For the spell of the Penny Numbers had not grown weaker as I grew older. In the holidays I came back to them as to friends. At school they made the faded maps on Snuffy’s dirty walls alive with visions, and many a night as I lay awake with pain and over-weariness in the stifling dormitory, my thoughts took refuge not in dreams of home nor in castles of the air, but in phantom ships that sailed for ever round the world.

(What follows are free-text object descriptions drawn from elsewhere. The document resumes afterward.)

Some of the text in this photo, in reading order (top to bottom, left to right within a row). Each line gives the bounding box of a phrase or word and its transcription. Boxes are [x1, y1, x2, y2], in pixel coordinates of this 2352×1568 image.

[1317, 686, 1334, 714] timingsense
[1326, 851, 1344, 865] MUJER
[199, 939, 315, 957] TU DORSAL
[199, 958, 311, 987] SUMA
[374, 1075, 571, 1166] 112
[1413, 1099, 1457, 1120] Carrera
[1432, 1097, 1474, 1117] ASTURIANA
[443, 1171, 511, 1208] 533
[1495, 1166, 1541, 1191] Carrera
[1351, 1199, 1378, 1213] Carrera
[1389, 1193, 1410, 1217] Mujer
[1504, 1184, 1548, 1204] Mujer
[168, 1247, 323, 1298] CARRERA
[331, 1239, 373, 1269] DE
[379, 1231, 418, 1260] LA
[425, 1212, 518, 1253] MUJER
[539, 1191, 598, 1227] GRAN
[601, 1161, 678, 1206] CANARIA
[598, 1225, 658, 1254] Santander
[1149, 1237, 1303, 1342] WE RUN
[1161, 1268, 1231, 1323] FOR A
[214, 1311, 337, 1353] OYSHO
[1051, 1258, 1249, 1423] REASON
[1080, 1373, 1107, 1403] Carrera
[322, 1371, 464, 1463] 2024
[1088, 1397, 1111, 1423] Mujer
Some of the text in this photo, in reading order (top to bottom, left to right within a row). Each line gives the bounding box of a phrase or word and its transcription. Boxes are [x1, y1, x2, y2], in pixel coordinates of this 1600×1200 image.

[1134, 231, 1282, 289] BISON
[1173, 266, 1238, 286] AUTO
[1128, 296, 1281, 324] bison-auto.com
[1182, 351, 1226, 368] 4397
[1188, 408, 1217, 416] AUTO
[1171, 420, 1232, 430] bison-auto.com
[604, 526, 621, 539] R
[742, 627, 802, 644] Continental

The day of the interview with my father I roused myself from my grievances to consider a more practical question. Why should I not go to sea? No matter whose fault it was, there was no doubt that I was ill-educated, and that I did not please my father as Jem did. On the other hand I was strong and hardy, nimble and willing to obey; and I had roughed it enough, in all conscience. I must have ill luck indeed, if I lit upon a captain more cruel than Mr. Crayshaw. I did not know exactly how it was to be accomplished, but I knew enough to know that I could not aim at the Royal Navy. Of course I should have preferred it. I had never seen naval officers, but if they were like officers in the army, like Colonel Jervois, for instance, it was with such a port and bearing that I would fain have carried myself when I grew up to be a man. I guessed, however, that money and many other considerations might make it impossible for me to be a midshipman; but I had heard of boys being apprenticed to merchant-vessels, and I resolved to ask my father if he would so apprentice me.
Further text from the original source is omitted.